2. THE AGEING OF IRELAND
We're getting older. The percentage of the population over 65 will increase from 2006, and even more sharply after 2011. By 2035 over-50s will make up the majority of the voting population, giving them huge influence on how the country is run. In his vision of the future on page 10, Fintan O'Toole predicts that in 2025, there will be just three workers for every retiree (up from five in 2000). This will put huge pressure on public services and on the working people who support retired relatives, not to mention the retirees themselves.
3. GLOBESITY
The worldwide epidemic of "globesity", often defined as "a woman frowning at her bathroom scale in St Louis, a man whose pants are suddenly too tight in Jakarta, and a roly-poly child playing under a tree in Cairo" is all part of a 1.1 billion-person trend.

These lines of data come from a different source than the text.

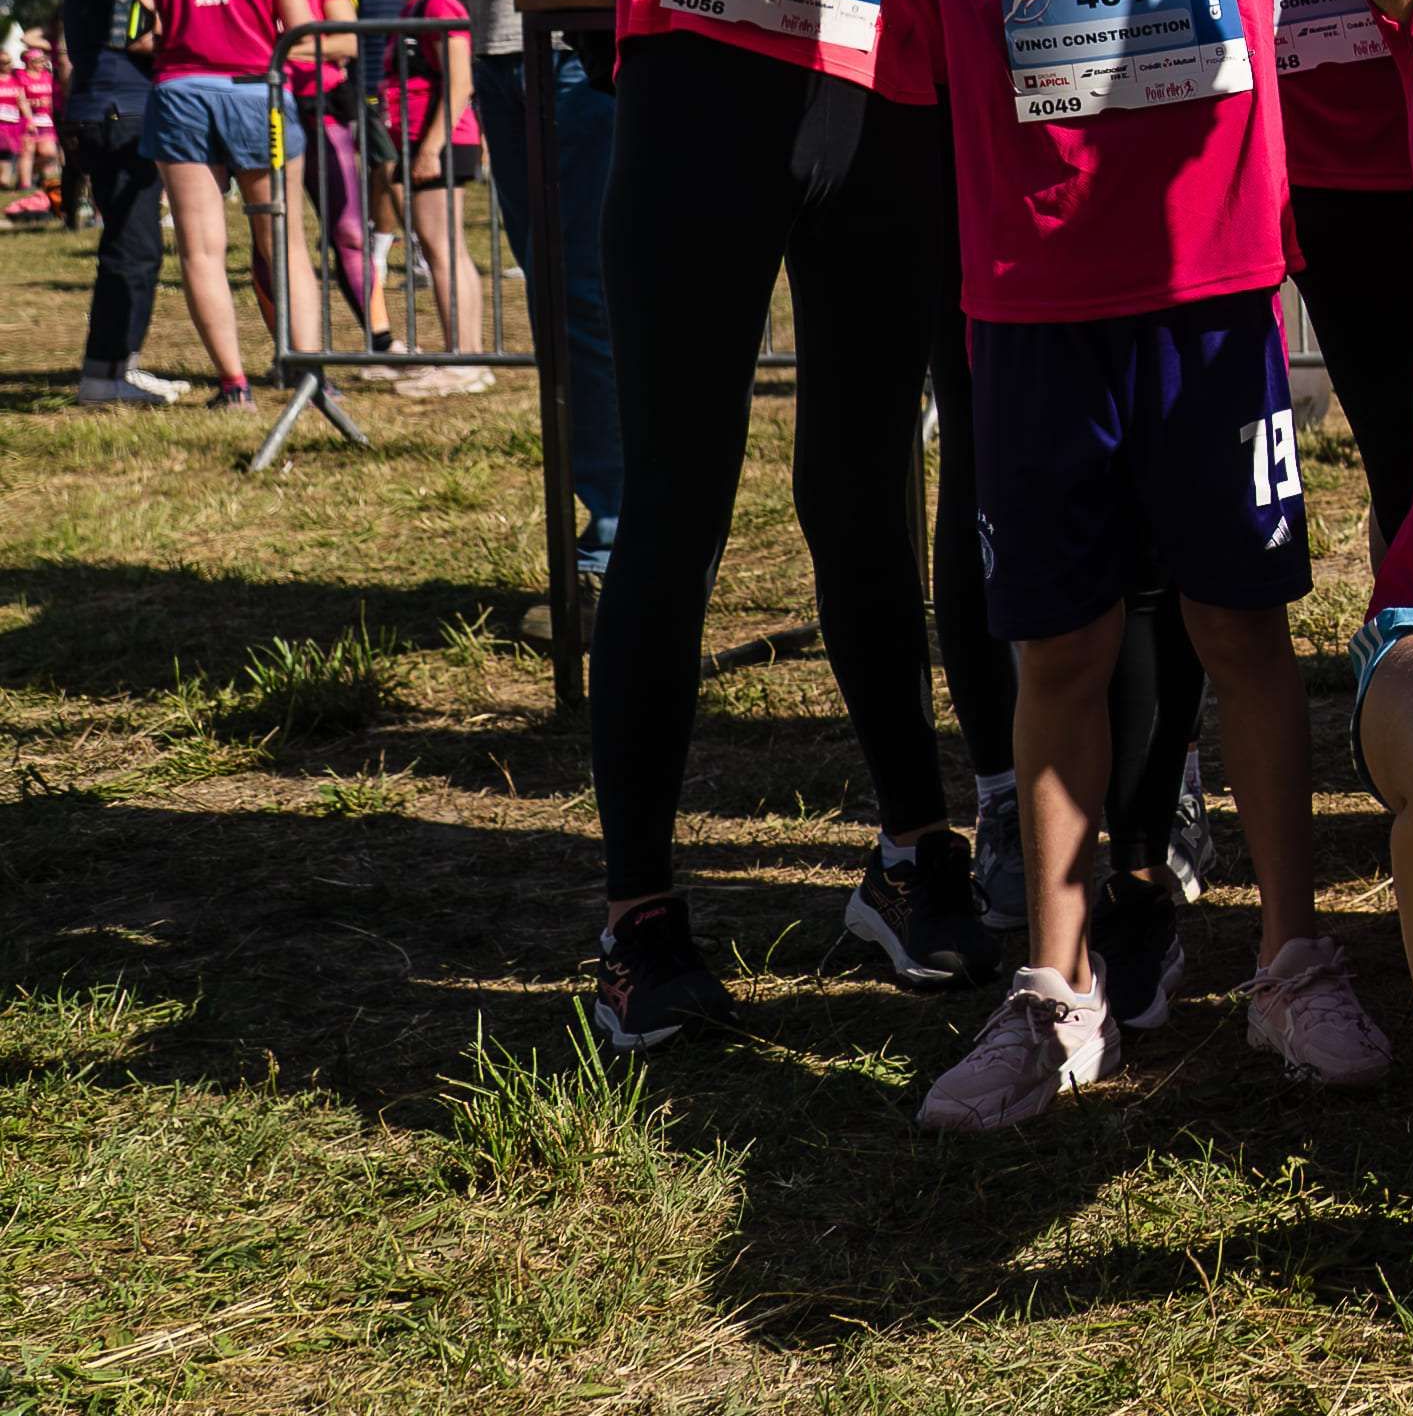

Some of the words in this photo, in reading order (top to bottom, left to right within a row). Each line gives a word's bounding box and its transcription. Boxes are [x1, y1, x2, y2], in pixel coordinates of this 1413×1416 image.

[1015, 35, 1058, 53] VINCI
[1062, 18, 1191, 48] CONSTRUCTION
[1276, 54, 1300, 70] 48
[1039, 76, 1071, 88] APICIL
[1028, 96, 1082, 116] 4049
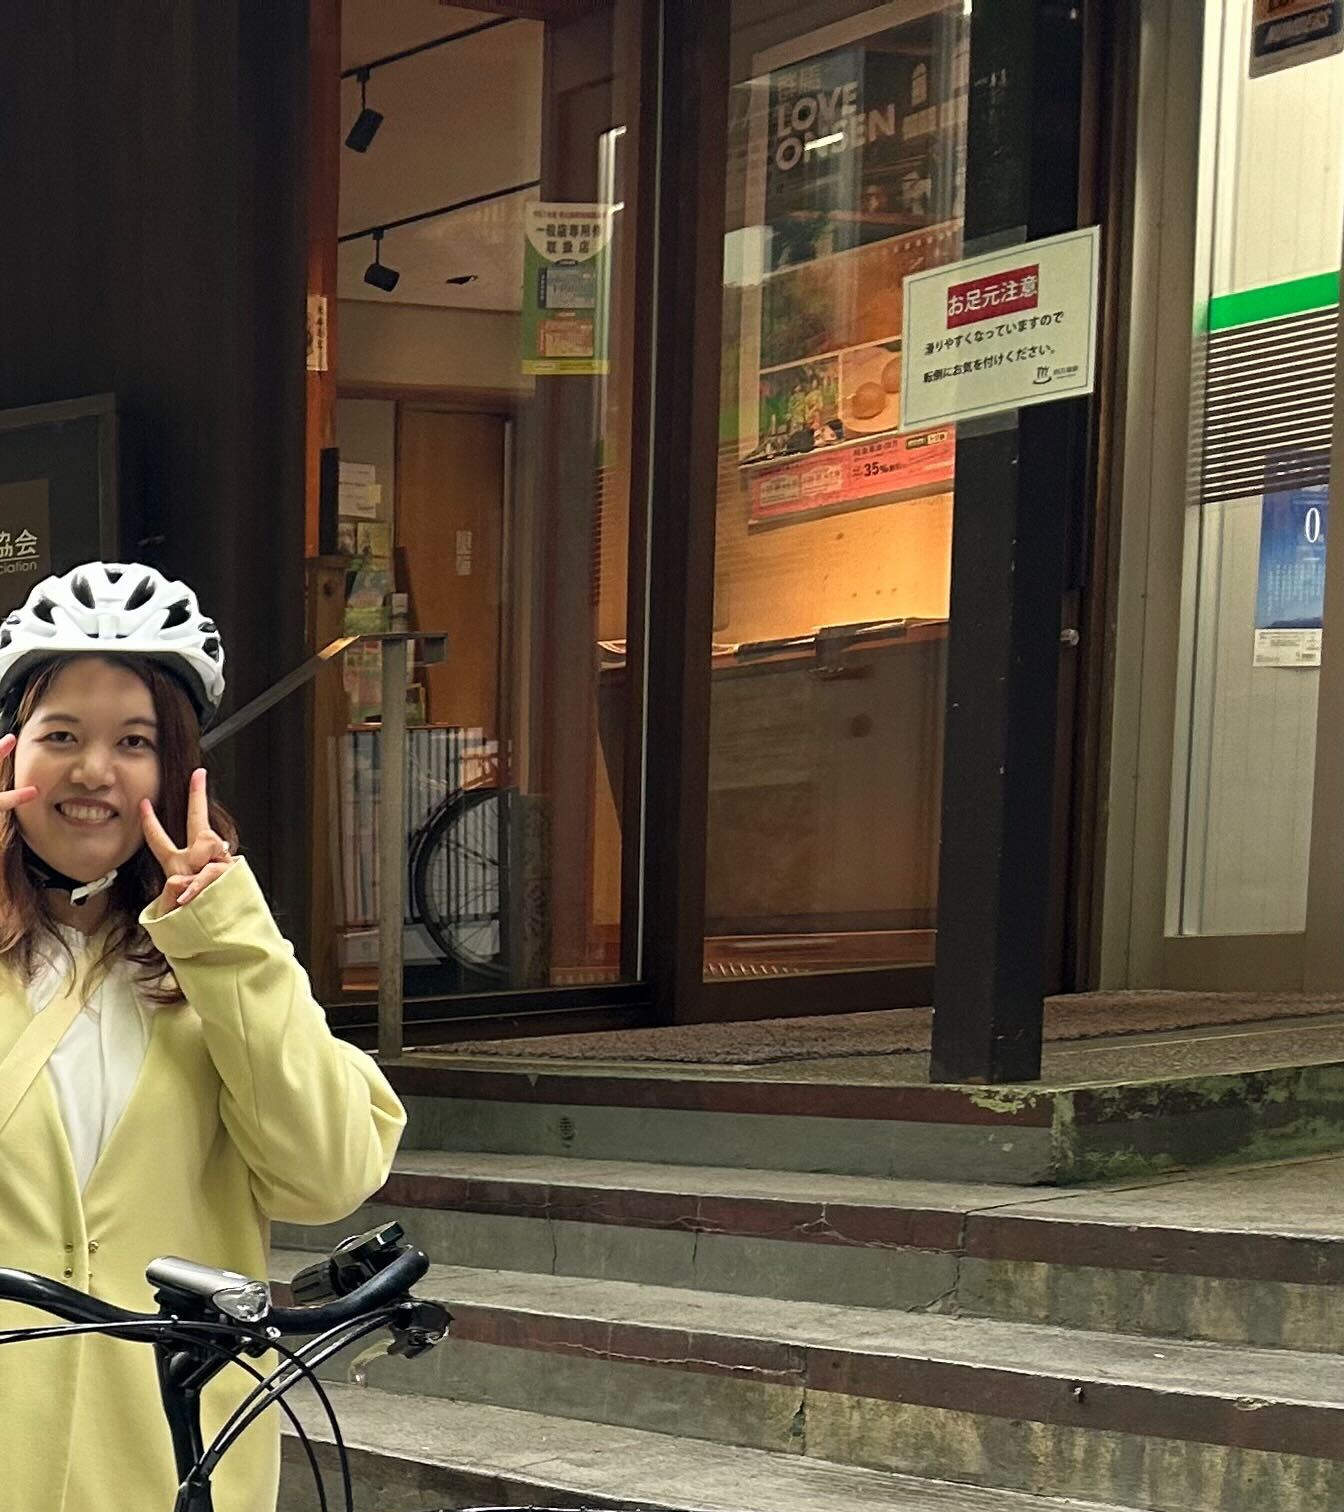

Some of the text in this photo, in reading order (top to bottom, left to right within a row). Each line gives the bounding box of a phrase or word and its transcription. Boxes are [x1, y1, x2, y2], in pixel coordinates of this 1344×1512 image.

In the Gardens section, in "How Will Your Garden Grow?", Jane Powers makes the prediction that the garden furniture of the future will have to be larger than that we sit in now, to accommodate our expanded posteriors
4. LOCAL WARMING
In the Gardens section, meteorologist Brendan McWilliams writes that in Ireland in 2025 our average annual temperature could be a full degree higher than in 2000. Lengthy interludes of warm, sunny weather would become a regular feature, but we would have inadequate summer rainfall, and regular water shortages. Our current favourite sun spots, such as France and Spain, could become unbearably hot in summer, and many more Irish people would holiday at home.
5. OIL SHORTAGES
In his 2004 book, Oil - Anatomy of an industry, Matthew Yeomans writes: "The US Department of Energy projects that world oil demand will increase from 78 million barrels a day in 2002 to 118 million barrels a day in 2025. Most of the growth will come from the rapidly expanding nations of the developing world, notably China. But when world oil reserves reach the point of peak production [around 2010 according to the graph above], the price of oil will start a slow but continuous rise and the global economy will feel the strain."